## EXERCISE DIRECTIONS
Copy out the entries that follow exactly, leaving every picture behind.

## DATA
▬▬▬▬▬▬▬▬▬▬

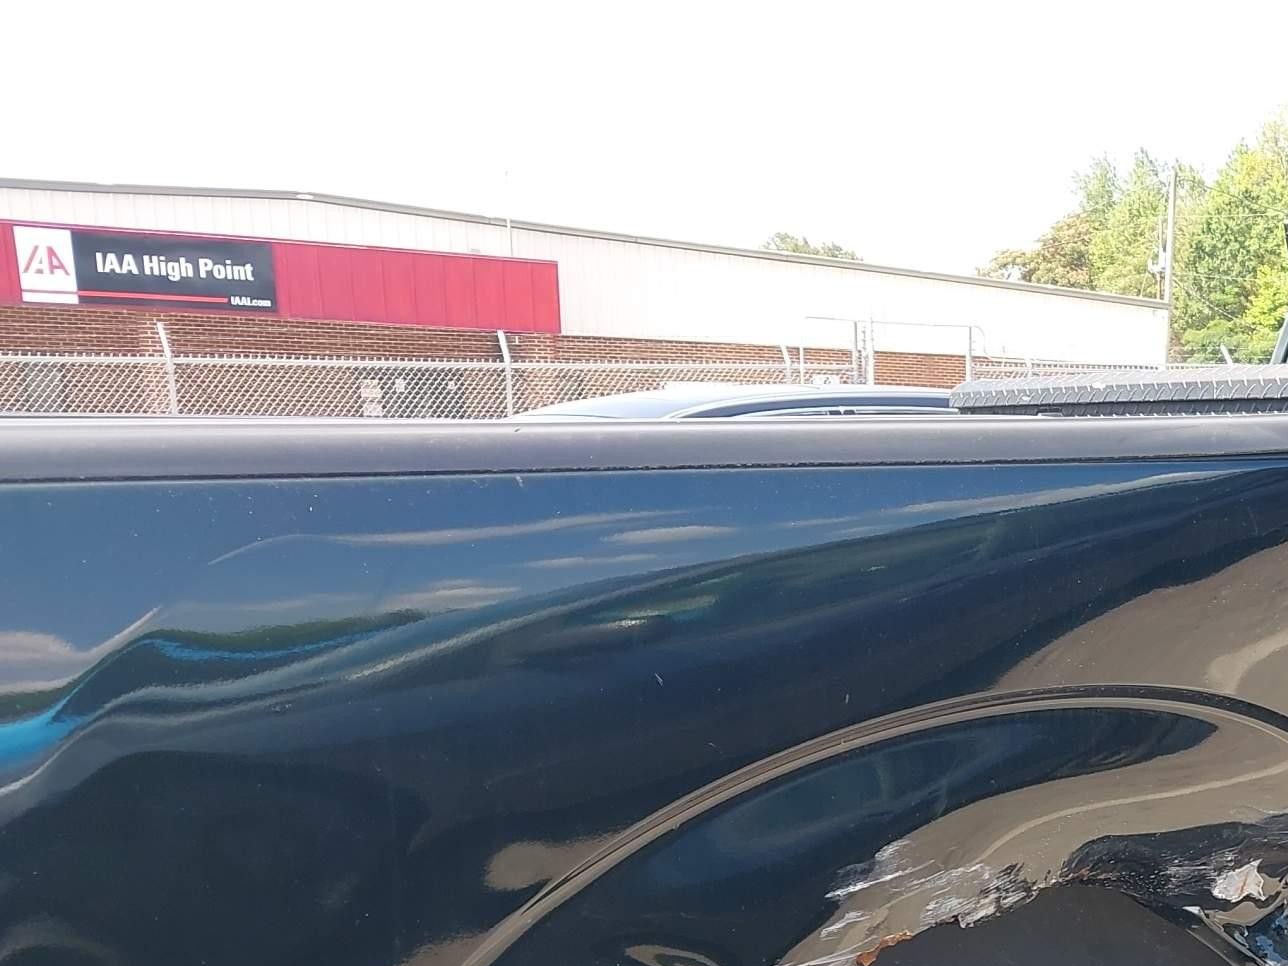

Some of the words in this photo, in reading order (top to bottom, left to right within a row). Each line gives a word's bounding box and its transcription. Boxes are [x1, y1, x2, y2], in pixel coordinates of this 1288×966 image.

[95, 252, 140, 275] IAA
[142, 255, 194, 282] High
[198, 257, 255, 281] Point
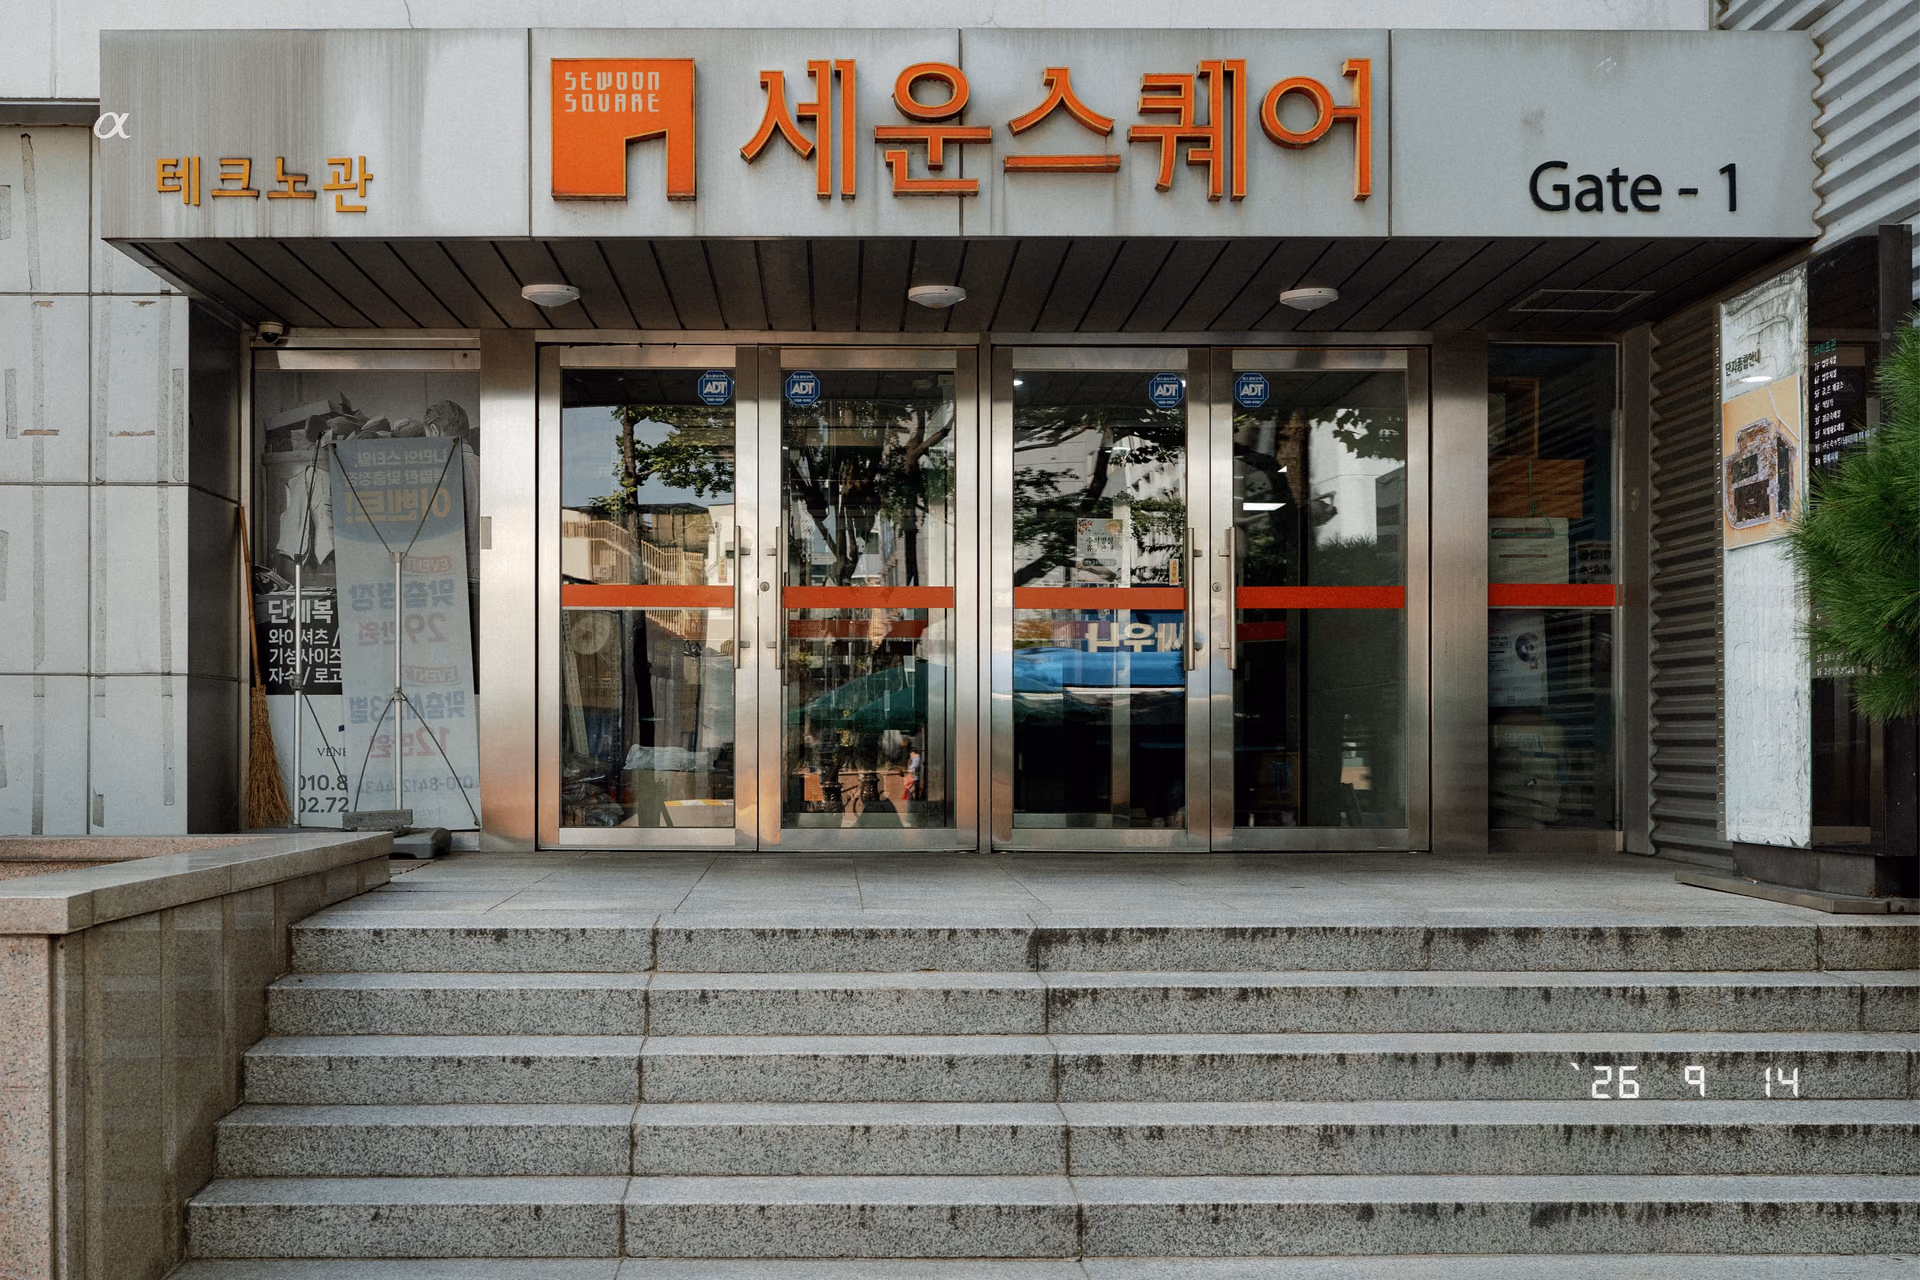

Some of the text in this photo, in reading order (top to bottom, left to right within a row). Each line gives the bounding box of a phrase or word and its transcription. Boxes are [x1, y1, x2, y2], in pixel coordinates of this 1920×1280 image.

[564, 71, 660, 91] SEWOON
[564, 93, 660, 113] SQUARE
[740, 58, 1372, 201] 세운스퀘어
[156, 155, 373, 212] 테크노관
[1529, 160, 1662, 213] Gate
[1718, 162, 1737, 212] 1
[704, 381, 728, 394] ADT
[791, 381, 815, 394] ADT
[1154, 384, 1178, 396] ADT
[1240, 384, 1264, 396] ADT
[268, 599, 333, 624] 단체복

▬▬▬▬▬▬▬▬▬▬

## SOLUTION TO THIS TASK
Some of the words in this photo, in reading order (top to bottom, left to right within a row). Each line gives a word's bounding box and its transcription. Boxes are [x1, y1, x2, y2], in pixel coordinates of this 1288×966 image.

[95, 252, 140, 275] IAA
[142, 255, 194, 282] High
[198, 257, 255, 281] Point

Some of the text in this photo, in reading order (top to bottom, left to right within a row). Each line gives the bounding box of a phrase or word and its transcription. Boxes are [x1, y1, x2, y2], in pixel coordinates of this 1920×1280 image.

[564, 71, 660, 91] SEWOON
[564, 93, 660, 113] SQUARE
[740, 58, 1372, 201] 세운스퀘어
[156, 155, 373, 212] 테크노관
[1529, 160, 1662, 213] Gate
[1718, 162, 1737, 212] 1
[704, 381, 728, 394] ADT
[791, 381, 815, 394] ADT
[1154, 384, 1178, 396] ADT
[1240, 384, 1264, 396] ADT
[268, 599, 333, 624] 단체복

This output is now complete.